| WORK INSTRUCTION |
What you write should be the line containing "this 2000×1500 image." followed by every line after it to the end of the listing, exactly as given, and nothing more.

Segment Start: PROVIDED MATERIAL

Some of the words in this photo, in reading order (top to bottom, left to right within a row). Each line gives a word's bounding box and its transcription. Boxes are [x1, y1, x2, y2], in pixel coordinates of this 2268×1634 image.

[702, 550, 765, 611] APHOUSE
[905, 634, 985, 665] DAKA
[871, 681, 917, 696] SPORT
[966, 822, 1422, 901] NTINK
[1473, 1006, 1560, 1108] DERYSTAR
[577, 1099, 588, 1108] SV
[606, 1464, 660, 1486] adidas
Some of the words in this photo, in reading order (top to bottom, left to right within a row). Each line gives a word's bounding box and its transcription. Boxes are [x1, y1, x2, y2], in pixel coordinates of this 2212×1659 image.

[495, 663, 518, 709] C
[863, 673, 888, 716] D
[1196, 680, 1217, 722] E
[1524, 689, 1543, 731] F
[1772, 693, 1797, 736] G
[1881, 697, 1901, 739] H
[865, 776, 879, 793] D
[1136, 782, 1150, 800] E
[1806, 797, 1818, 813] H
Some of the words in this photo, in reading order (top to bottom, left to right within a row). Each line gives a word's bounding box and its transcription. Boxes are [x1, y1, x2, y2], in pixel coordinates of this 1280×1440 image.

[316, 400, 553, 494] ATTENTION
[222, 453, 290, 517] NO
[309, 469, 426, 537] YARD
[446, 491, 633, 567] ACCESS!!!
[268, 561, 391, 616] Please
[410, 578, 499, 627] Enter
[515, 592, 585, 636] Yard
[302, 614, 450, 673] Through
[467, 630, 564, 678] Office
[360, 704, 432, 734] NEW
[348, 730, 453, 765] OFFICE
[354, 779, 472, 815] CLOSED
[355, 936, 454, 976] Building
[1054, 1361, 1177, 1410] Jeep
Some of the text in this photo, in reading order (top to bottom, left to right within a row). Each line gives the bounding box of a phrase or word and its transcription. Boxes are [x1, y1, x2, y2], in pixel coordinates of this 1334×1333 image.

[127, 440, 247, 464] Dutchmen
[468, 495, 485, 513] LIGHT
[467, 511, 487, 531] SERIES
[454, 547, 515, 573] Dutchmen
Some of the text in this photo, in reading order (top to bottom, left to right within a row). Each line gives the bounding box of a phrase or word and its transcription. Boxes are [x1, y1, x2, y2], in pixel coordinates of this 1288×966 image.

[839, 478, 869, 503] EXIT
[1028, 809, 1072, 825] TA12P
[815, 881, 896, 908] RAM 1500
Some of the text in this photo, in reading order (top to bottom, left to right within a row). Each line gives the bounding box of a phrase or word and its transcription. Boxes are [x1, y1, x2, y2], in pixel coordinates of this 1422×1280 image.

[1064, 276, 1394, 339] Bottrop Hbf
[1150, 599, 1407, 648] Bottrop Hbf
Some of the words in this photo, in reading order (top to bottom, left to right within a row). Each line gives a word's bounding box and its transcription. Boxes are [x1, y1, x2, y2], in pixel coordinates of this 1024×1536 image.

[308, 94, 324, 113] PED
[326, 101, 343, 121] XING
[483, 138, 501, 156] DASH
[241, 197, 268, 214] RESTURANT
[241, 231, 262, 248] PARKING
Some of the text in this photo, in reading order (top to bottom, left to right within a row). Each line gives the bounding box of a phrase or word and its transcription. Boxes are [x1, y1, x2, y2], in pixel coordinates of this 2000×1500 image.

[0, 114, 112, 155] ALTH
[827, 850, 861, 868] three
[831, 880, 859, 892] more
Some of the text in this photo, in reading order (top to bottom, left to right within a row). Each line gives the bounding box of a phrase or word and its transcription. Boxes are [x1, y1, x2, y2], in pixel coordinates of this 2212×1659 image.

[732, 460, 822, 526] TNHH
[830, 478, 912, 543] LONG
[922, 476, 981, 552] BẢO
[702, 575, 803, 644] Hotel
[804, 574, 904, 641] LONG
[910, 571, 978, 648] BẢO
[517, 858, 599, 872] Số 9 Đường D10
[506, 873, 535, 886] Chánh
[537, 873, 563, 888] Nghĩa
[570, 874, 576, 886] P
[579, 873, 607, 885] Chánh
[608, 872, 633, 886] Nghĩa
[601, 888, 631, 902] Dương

Segment End: PROVIDED MATERIAL

| SOLUTION TO THE EXERCISE |
Some of the text in this photo, in reading order (top to bottom, left to right within a row). Each line gives the bounding box of a phrase or word and its transcription. Boxes are [x1, y1, x2, y2], in pixel coordinates of this 2000×1500 image.

[0, 114, 112, 155] ALTH
[827, 850, 861, 868] three
[831, 880, 859, 892] more
Some of the text in this photo, in reading order (top to bottom, left to right within a row). Each line gives the bounding box of a phrase or word and its transcription. Boxes are [x1, y1, x2, y2], in pixel coordinates of this 2212×1659 image.

[732, 460, 822, 526] TNHH
[830, 478, 912, 543] LONG
[922, 476, 981, 552] BẢO
[702, 575, 803, 644] Hotel
[804, 574, 904, 641] LONG
[910, 571, 978, 648] BẢO
[517, 858, 599, 872] Số 9 Đường D10
[506, 873, 535, 886] Chánh
[537, 873, 563, 888] Nghĩa
[570, 874, 576, 886] P
[579, 873, 607, 885] Chánh
[608, 872, 633, 886] Nghĩa
[601, 888, 631, 902] Dương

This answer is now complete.